-- TASK MATERIAL follows --

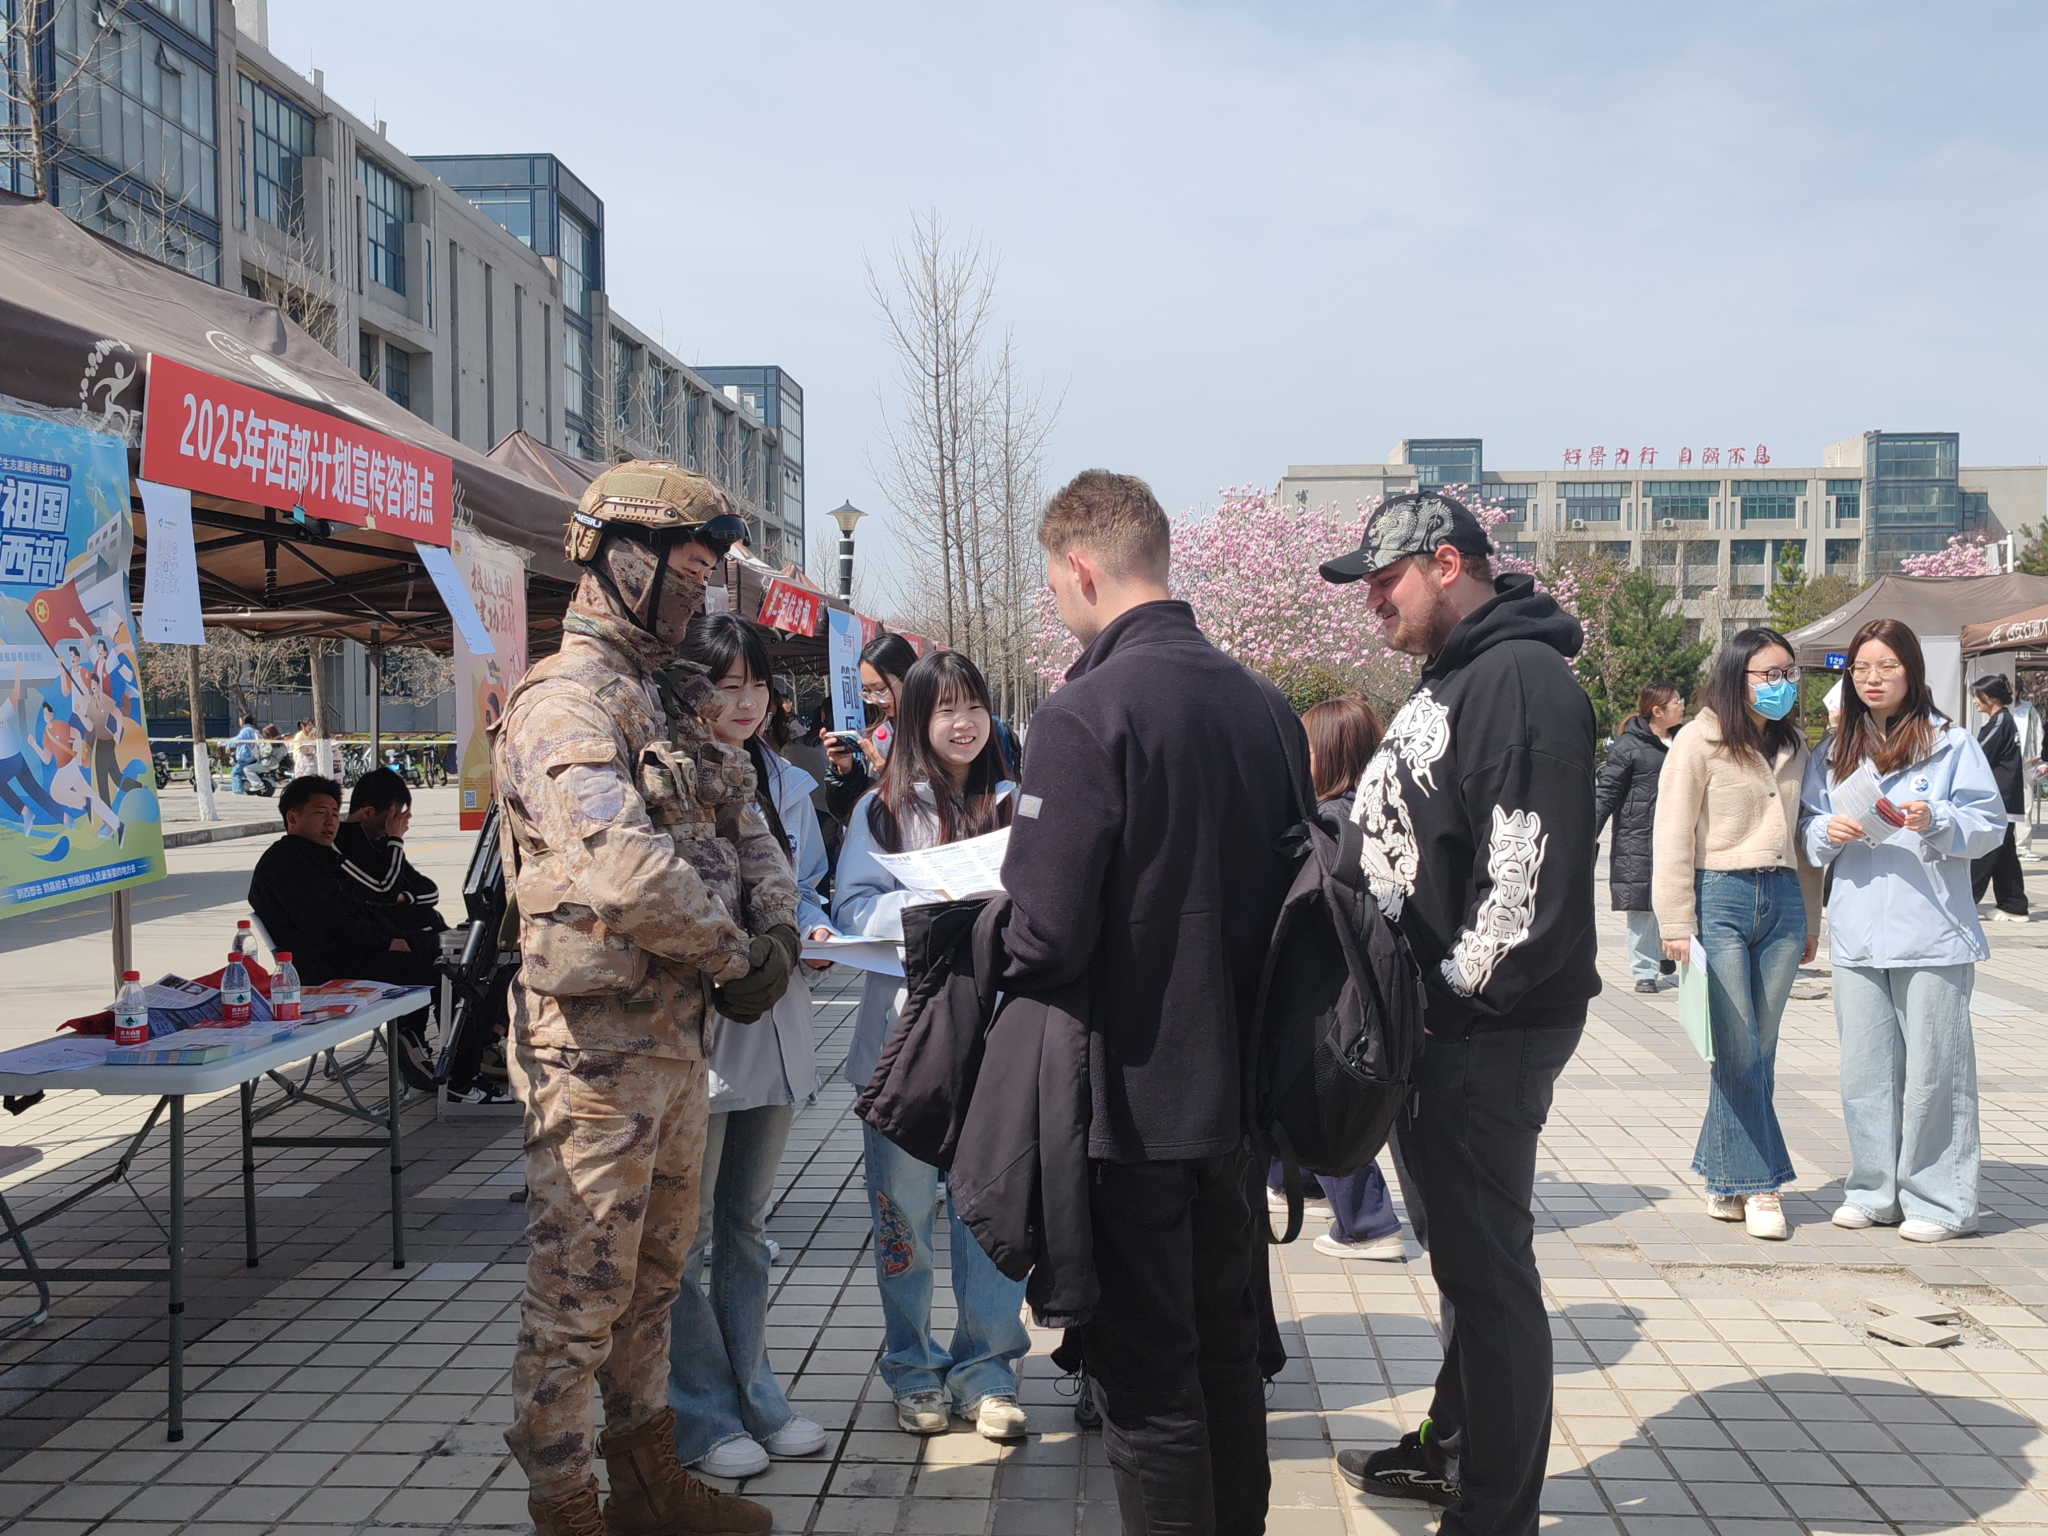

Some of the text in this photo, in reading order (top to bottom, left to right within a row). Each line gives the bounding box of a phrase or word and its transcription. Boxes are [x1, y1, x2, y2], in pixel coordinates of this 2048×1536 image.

[0, 457, 67, 479] 生志愿服务西部计划
[180, 393, 434, 526] 2025年西部计划宣传咨询点
[0, 478, 70, 533] 祖国
[1828, 656, 1844, 666] 129
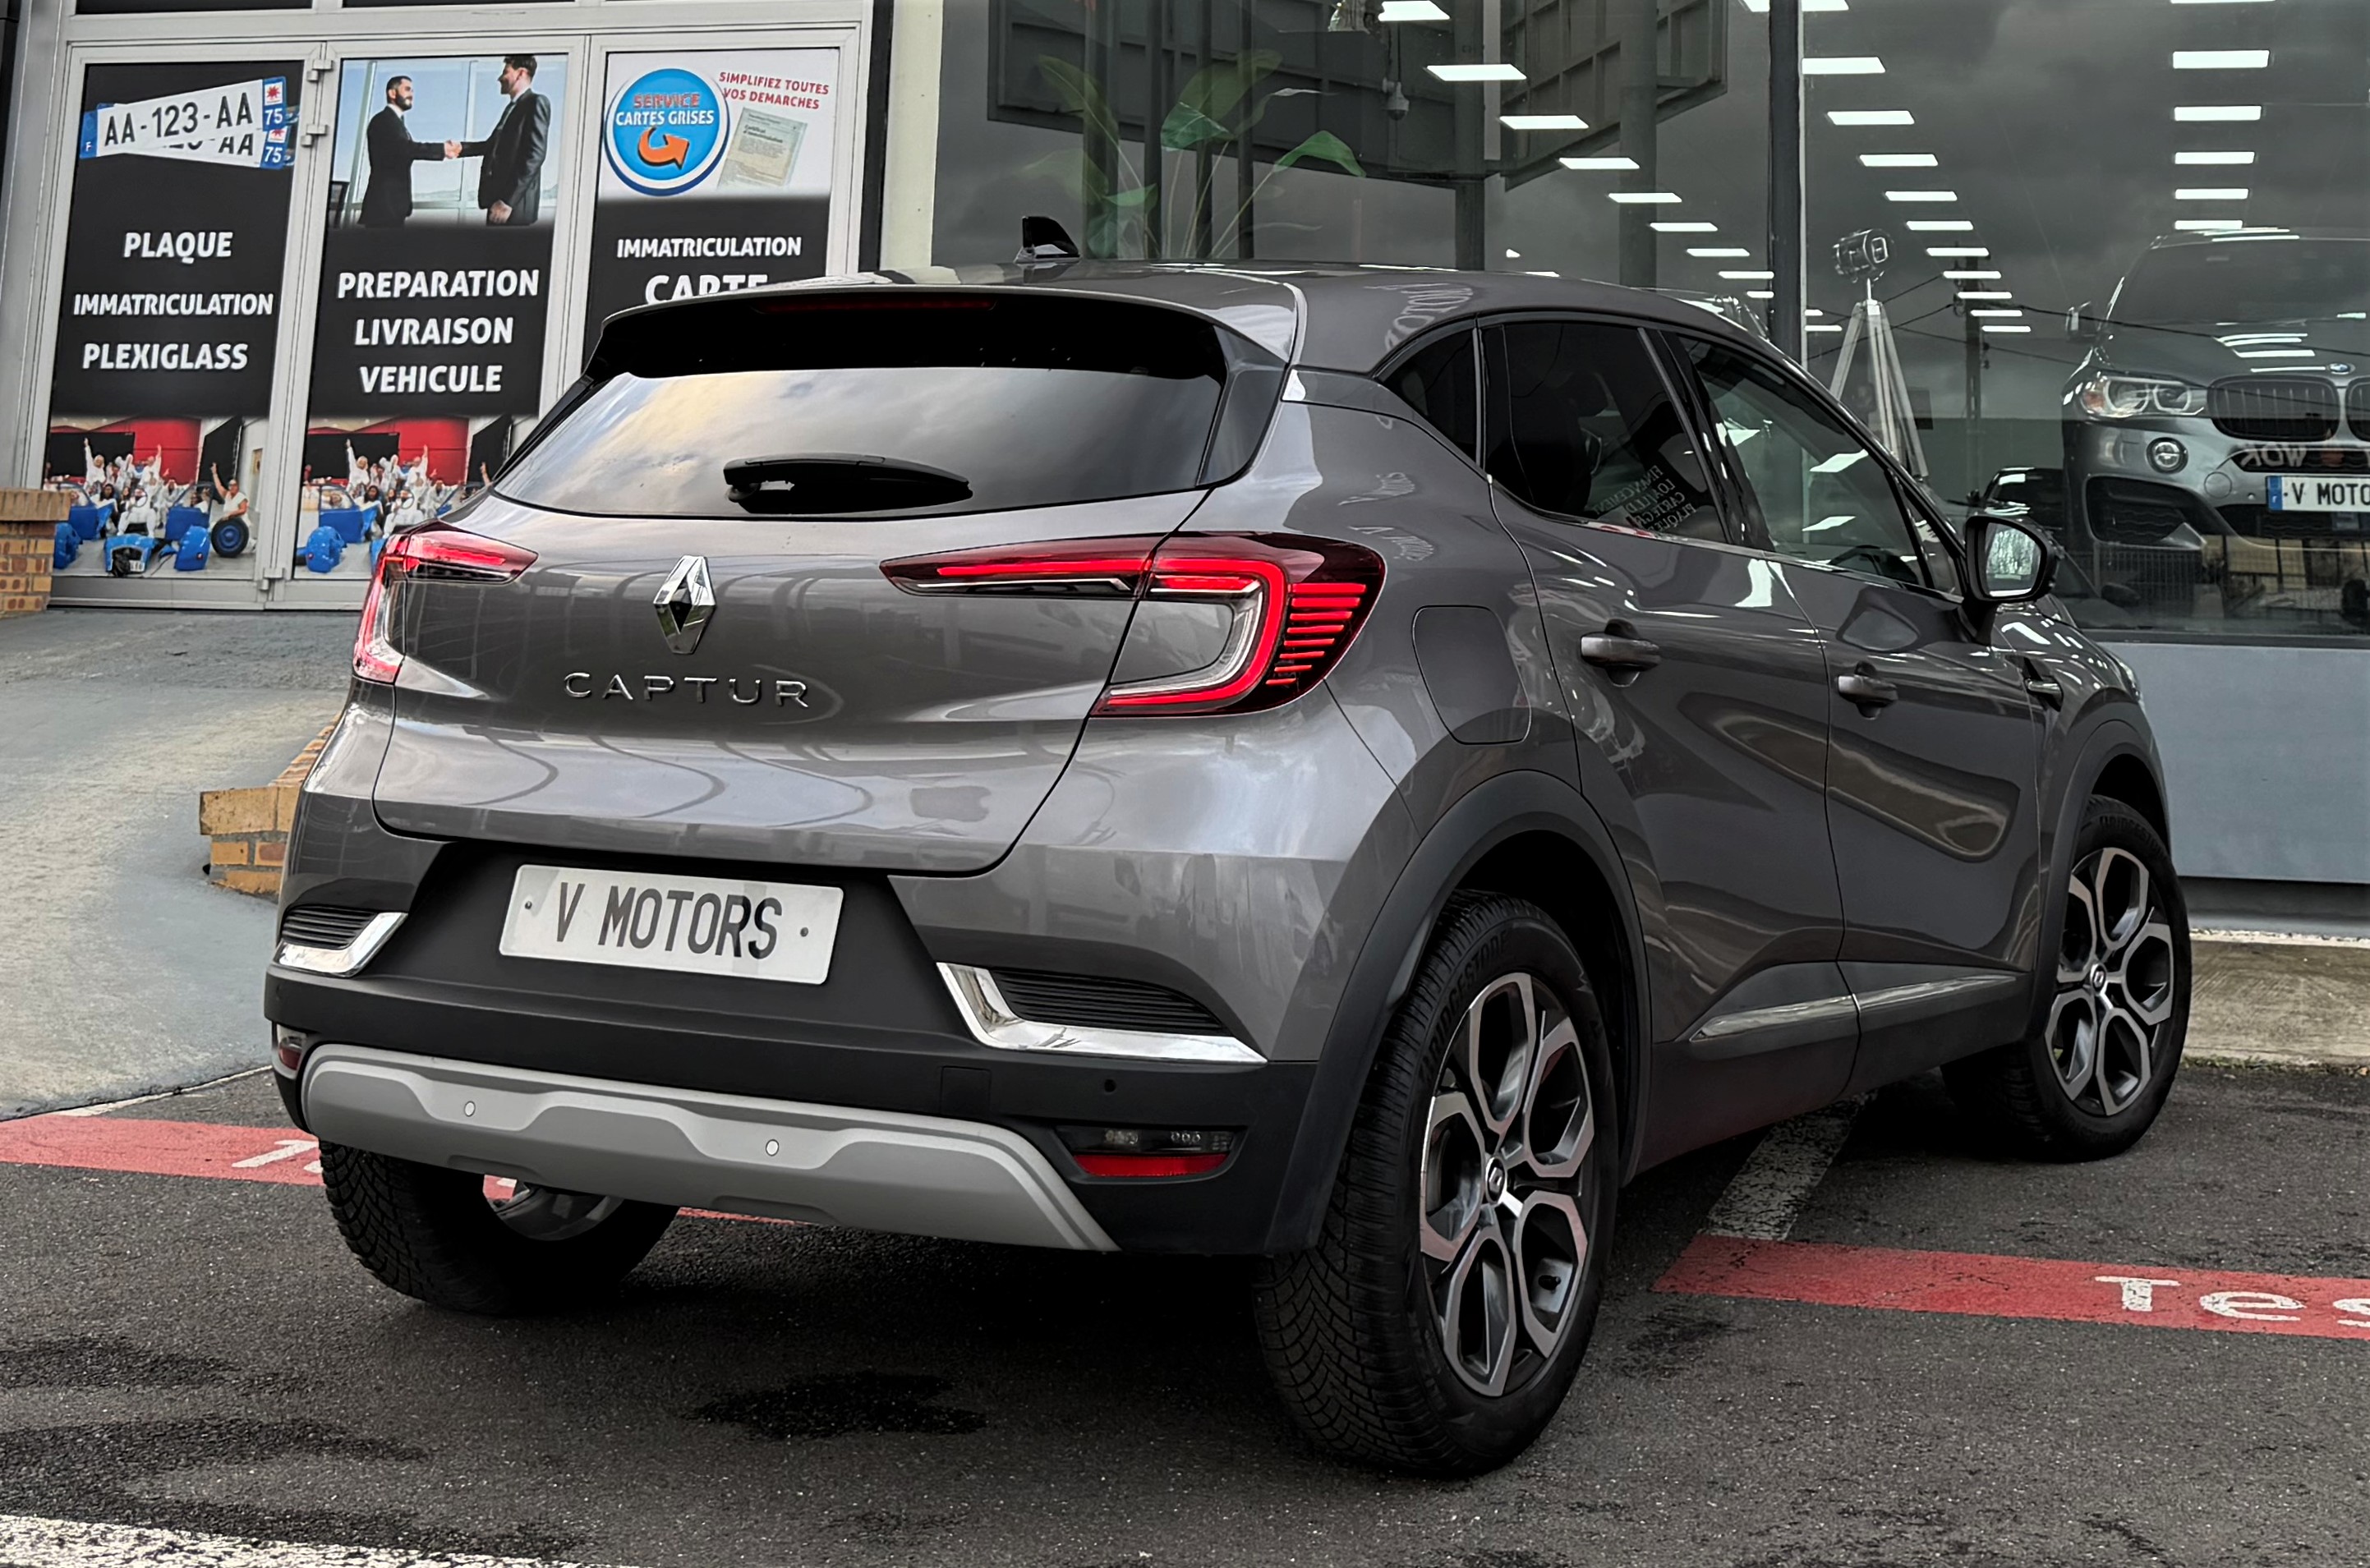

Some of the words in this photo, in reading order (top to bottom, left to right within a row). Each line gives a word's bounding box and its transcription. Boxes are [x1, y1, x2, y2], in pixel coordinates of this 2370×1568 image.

-- TASK MATERIAL concluded --

Retype each line above precisely, please. Skip anything that is a picture.

(TASK RESULT)
Some of the text in this photo, in reading order (top to bottom, left to right within a row). Each line gives the bounding box of a phrase or word and its transcription. Boxes are [x1, y1, x2, y2], in pixel coordinates of this 2048×1536 image.

[0, 457, 67, 479] 生志愿服务西部计划
[180, 393, 434, 526] 2025年西部计划宣传咨询点
[0, 478, 70, 533] 祖国
[1828, 656, 1844, 666] 129

Some of the words in this photo, in reading order (top to bottom, left to right within a row). Each line gives a word's bounding box and its transcription. Boxes are [x1, y1, x2, y2], in pixel coordinates of this 2370×1568 image.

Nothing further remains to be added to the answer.